I have noticed some great changes since becoming vegan. I have lost weight, I feel more energized, and my skin is glowing. I had been having some serious acne problems and since this lifestyle change I am noticing a huge improvement with my complexion. Also my hair is growing at a better rate. It feels stronger. I stopped taking my depression medication, I’m not recommending anyone do this without seeking a medical opinion. I have been much happier and on the days that I’m feeling weak I have developed a nice self-care routine. I haven’t had any negative compliments about this change yet.

This is just another step forward in my spiritual journey.  I love animals, the planet, and have always wanted to make a difference. It’s nice to know that by doing this I am impacting the world in a positive way. I have inspired my boyfriend to not eat meat anymore as well, even though he does enjoy his liquid cheese. He has transitioned into being a vegetarian. I’m hoping by the end of the year I can convince him to be purely plant based.

Some tips I would recommend if you decide to try a vegan or plant based diet go as follows:

1)      Start slow! Don’t just jump into in. Do some research! I slowly decreased my meat and animal product intake.

2)      Decide why! I decided I was tired of talking about how I wanted to change the world and decided to do it! On days that I feel like a mcdouble I watch a little segment of Earthlings, The way they treat the animals helps me stay grounded in this  life style change.

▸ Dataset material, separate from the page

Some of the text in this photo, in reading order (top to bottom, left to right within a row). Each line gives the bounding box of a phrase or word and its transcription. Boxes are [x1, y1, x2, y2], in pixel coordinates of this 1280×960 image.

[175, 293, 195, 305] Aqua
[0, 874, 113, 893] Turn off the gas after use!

3)      Find what you like! I started watching videos and creating stuff in the kitchen The first couple weeks I spent a lot of money just trying to figure out what  liked and what I didn’t. I stopped being afraid of making a food item I might not like. I just started experimenting.

4)      Bargain shop! A lot of the fruits and vegetables I eat come from my friends and families gardens. It’s always nice to get something home grown and free before going grocery shopping and forking out money for something. Craigslist has a plethora of farmers just waiting for someone to volunteer to come pick their fruit for them. I found a local man who allows people to come pick his plums for free. Also just making a quick post on craigslist ii got some fruits and veggies.

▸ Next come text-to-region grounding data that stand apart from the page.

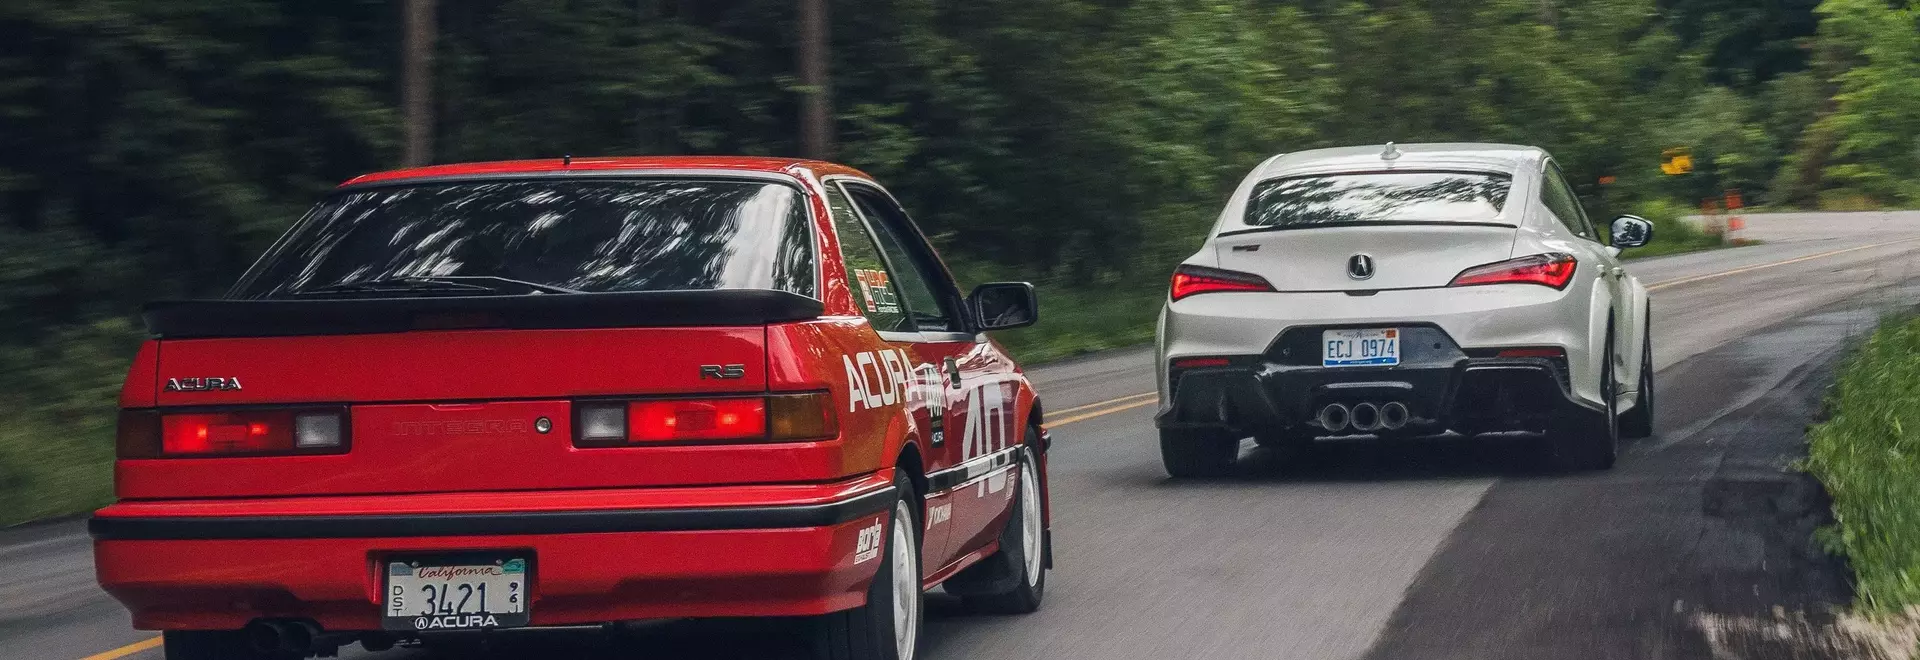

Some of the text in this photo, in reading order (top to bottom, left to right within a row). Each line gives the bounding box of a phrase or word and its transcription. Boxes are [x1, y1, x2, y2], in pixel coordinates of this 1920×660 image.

[1328, 339, 1395, 358] ECJ 0974
[700, 363, 745, 379] RS
[163, 376, 242, 393] ACURA
[842, 348, 923, 413] ACURA
[962, 379, 1007, 498] 40
[418, 566, 502, 581] California
[421, 582, 490, 616] 3421
[428, 614, 499, 629] ACURA

5)      Freeze! If store is having a sale on something stock up on it! Freeze it and you can use it for smoothies or juices later.

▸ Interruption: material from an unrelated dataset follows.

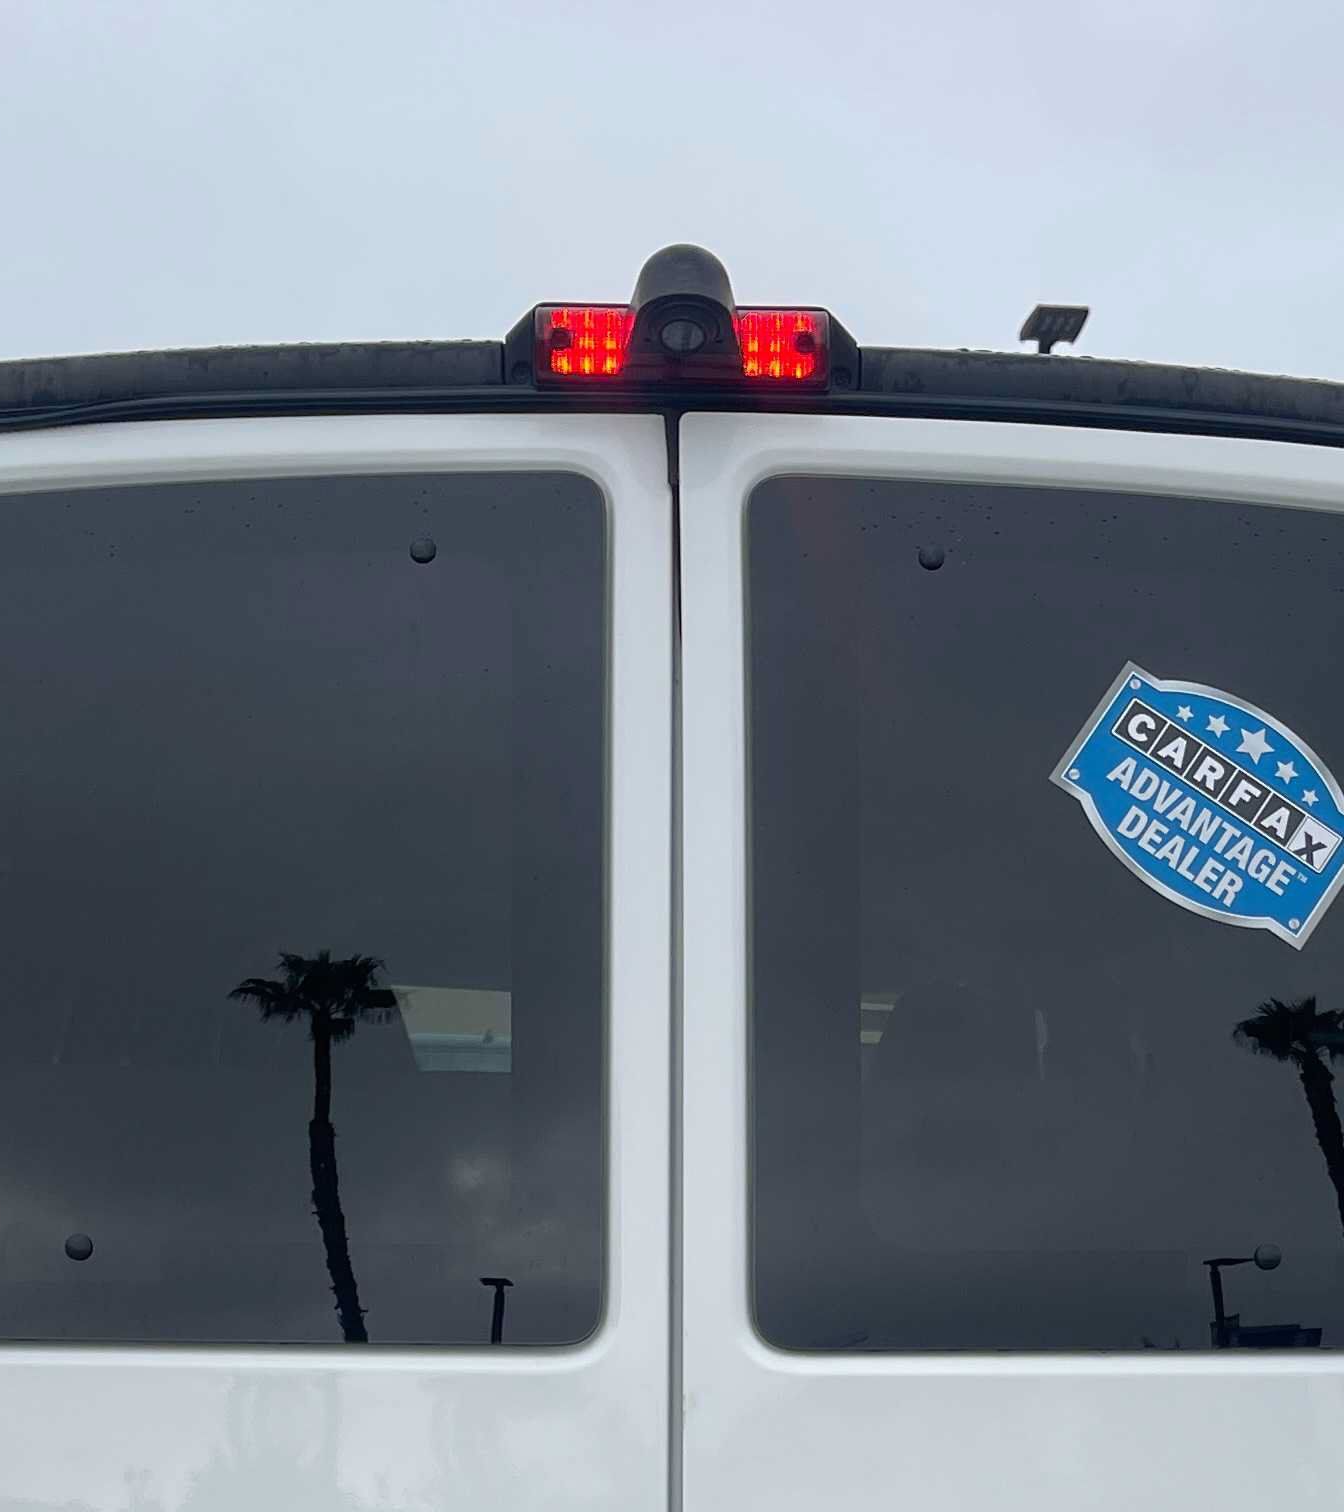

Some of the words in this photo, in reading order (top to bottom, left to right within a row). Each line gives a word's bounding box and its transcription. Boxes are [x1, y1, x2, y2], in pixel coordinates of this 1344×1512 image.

[1106, 756, 1297, 896] ADVANTAGE
[1116, 804, 1244, 908] DEALER
[1124, 710, 1330, 869] CARFAX

6)      Don’t take on the world! Right now I am just focusing on the foods and condiments I intake. Later, after a year I will start paying closer attention to the clothes, cleaning products, and beauty products I use as well.

7)      Don’t be afraid to tell your friends and family. It’s helpful that they know that way during family events they consider you when preparing the meals. Maybe they will buy earth balance butter and almond milk and use that for the mashed potatoes instead of the animal based products.

8)      Prepare! When I know there is an event coming up I make sure to find some recipes similar to the ones that might be consumed at the event so I don’t feel so different. I make sure to bring my own food so I am set up for success.

9)      Invest in a high speed blender and a nut bag! I got a ninja blender for 200 dollars and a couple nut bags on amazing for 13 dollars. Every morning I blend my fruits and veggies and strain them in the bag. Perfect juice without having to hassle with a juicer! Also blenders are good of vegan cheese and sauces.

10)  Have fun with it! Experiment, research, and don’t take yourself so seriously. I don’t judge others on the food they have on their plates, I just focus on myself. You aren’t better than anyone just because of the foods you are now deciding to eat.

 

I’m hoping that sometime in July I will start vlogging, maybe doing recipe videos as well. I would love to really give you guys a in depth look into this crazy journey I’ve been on. This spiritual quest has had so many ups and downs, but that’s life isn’t it. Things don’t work out as perfect as you envision them, and if they did how dull and boring would that be. I am grateful for every experience I have had to endure, because without it I wouldn’t be me.